在AI計算時代,HBM有著舉足輕重的地位。高頻寬記憶體(HBM)是透過垂直堆疊多個 DRAM 晶片,大幅提升資料處理速度,超越傳統 DRAM 的能力,是一種高價值、高效能的產品。HBM的爆火伴隨著2023年ChatGPT的出現,它引發了人工智慧市場的爆發式增長。自第一代 HBM 誕生以來,這項技術已發展至第六代,包括 HBM2、HBM2E、HBM3、HBM3E 和 HBM4。
圖源:SK海力士
HBM4,SK海力士再勝一籌
自2013年開發出全球首款HBM以來,SK海力士便在高頻寬儲存領域保持領先。2022年,該公司成為全球首家量產HBM3的廠商,並在2024年成功量產8核和12核HBM3E。如今,SK海力士在HBM4領域再次搶佔先機。

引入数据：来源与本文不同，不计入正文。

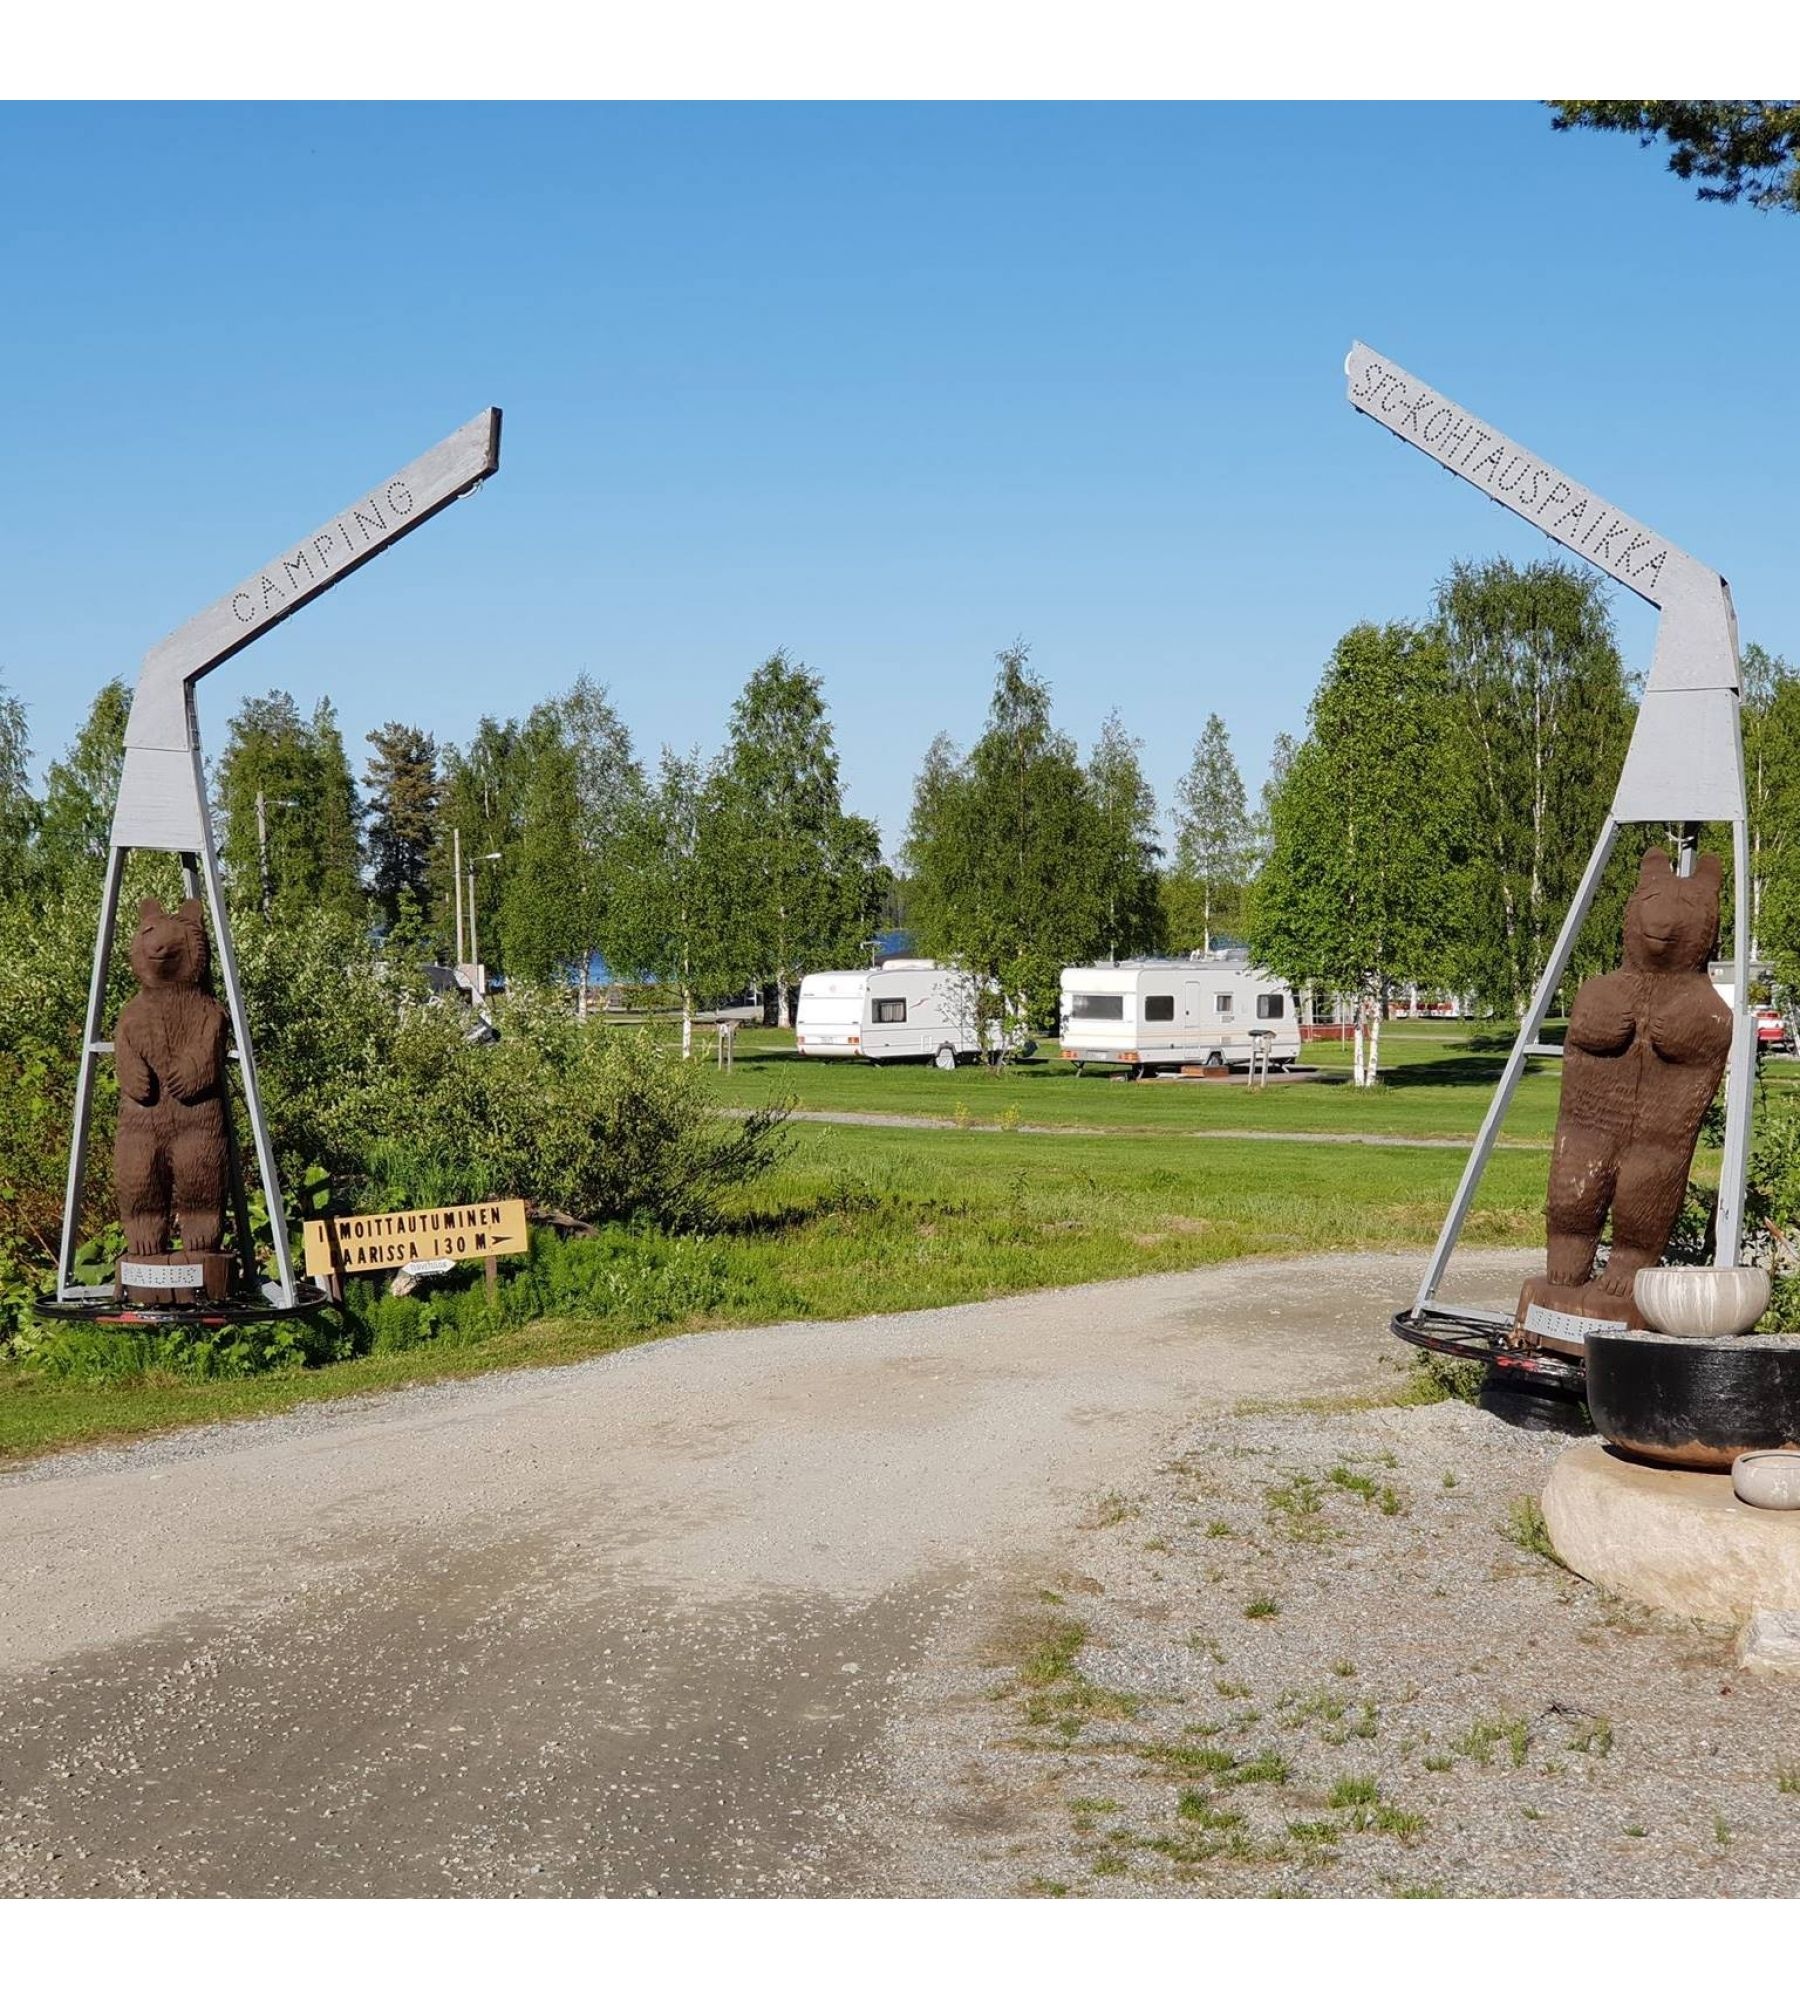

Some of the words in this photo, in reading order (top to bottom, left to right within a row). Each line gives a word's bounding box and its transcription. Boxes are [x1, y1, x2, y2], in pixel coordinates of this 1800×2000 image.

[1353, 363, 1669, 589] SFC-KOHTAUSPAIKKA
[231, 480, 414, 623] CAMPING
[434, 1236, 466, 1256] 130
[475, 1232, 487, 1250] M
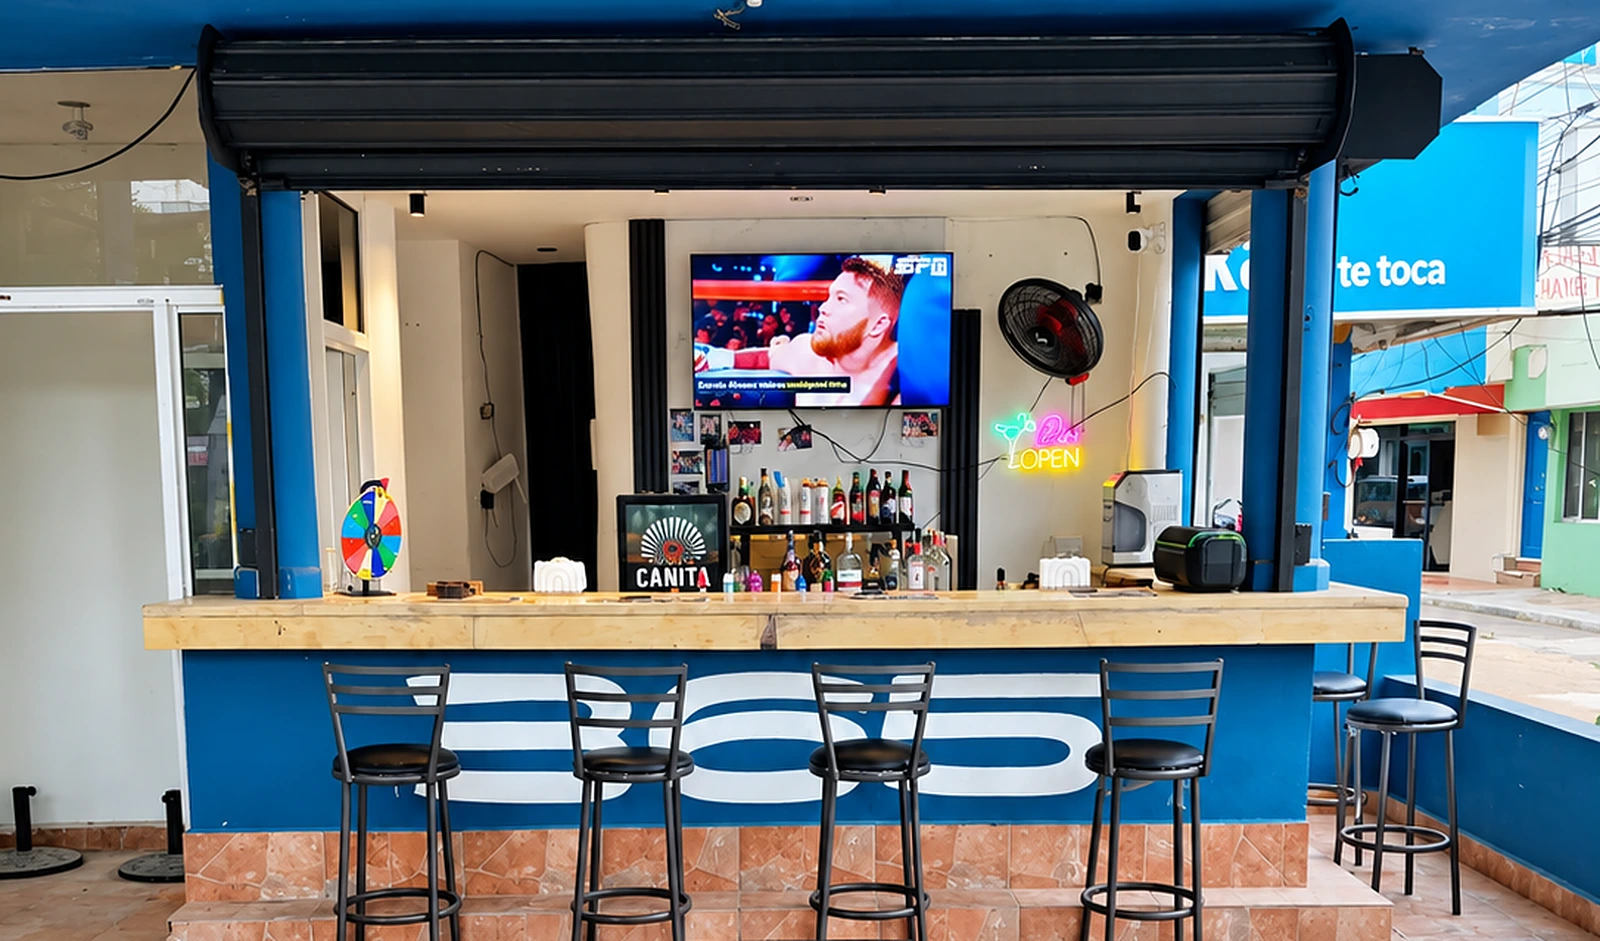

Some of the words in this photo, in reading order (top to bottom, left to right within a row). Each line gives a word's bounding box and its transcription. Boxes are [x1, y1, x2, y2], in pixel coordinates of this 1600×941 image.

[1337, 255, 1371, 288] te
[1376, 255, 1446, 287] toca
[1020, 448, 1080, 469] OPEN
[636, 566, 711, 588] CANITA
[406, 672, 1103, 803] 365
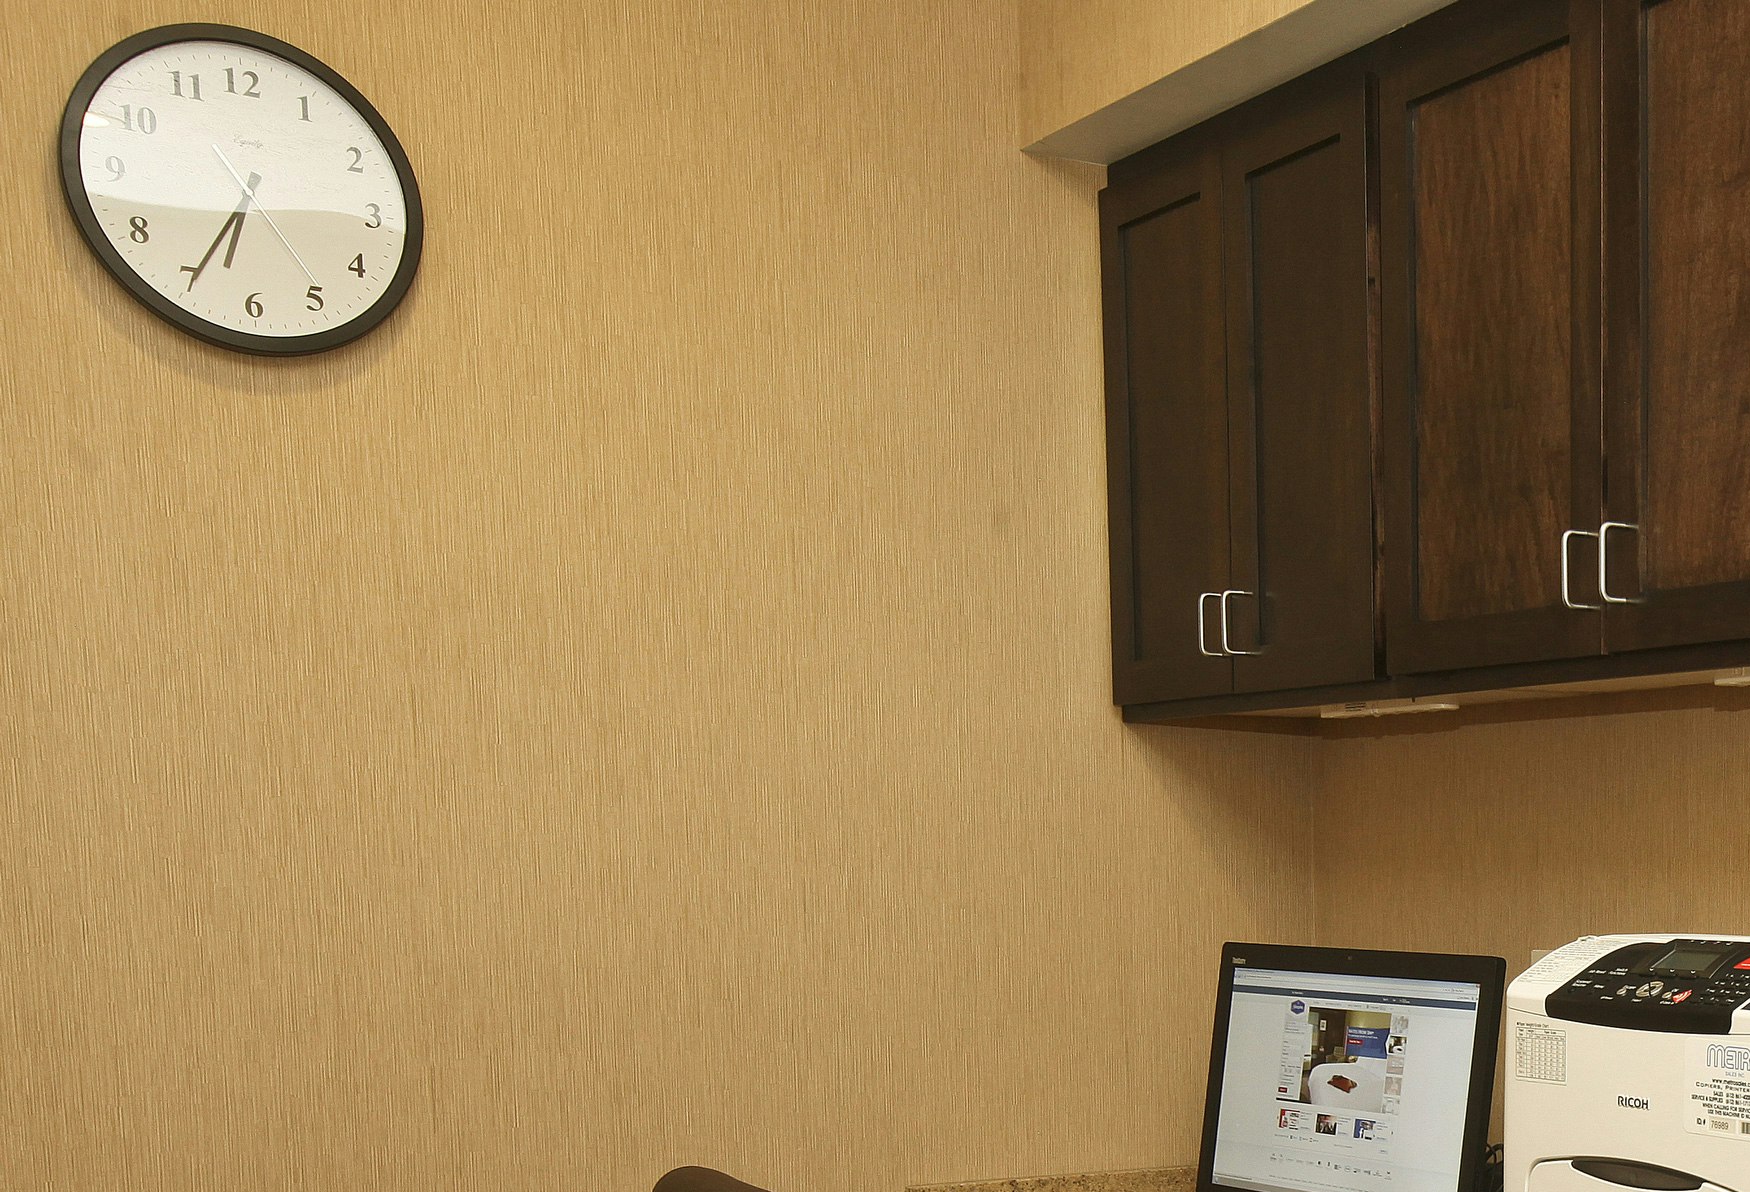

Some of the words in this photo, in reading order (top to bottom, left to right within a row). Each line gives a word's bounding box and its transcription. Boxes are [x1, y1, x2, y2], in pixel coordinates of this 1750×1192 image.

在3月18日召開的英偉達2025 GTC大會上,SK海力士首次展示了其12層堆疊的HBM4模型。作為第六代HBM產品,該晶片的頻寬提升至每秒2TB,相當於同時處理超過400部全高畫質(FHD)電影的資料量,較HBM3E提升60%。另據臺媒報道,SK Hynix 在HBM4測試中良率達到 70%。業內人士此前透露,SK海力士的目標是到2024年底,良率將超過60%,而最近的進展進一步提高了這一數字,改進的速度非常快。
SK海力士在GTC的展位(圖源:SK海力士)
在GTC大會上,英偉達公佈了其AI處理器的發展路線圖,其中下一代Blackwell系列的繼任者Rubin將搭載HBM4儲存器。Rubin最初預計於2026年釋出,但隨著SK海力士HBM4的加速量產,部分分析師預測該平臺可能提前至2025年下半年投入生產,並在2026年下半年正式上市。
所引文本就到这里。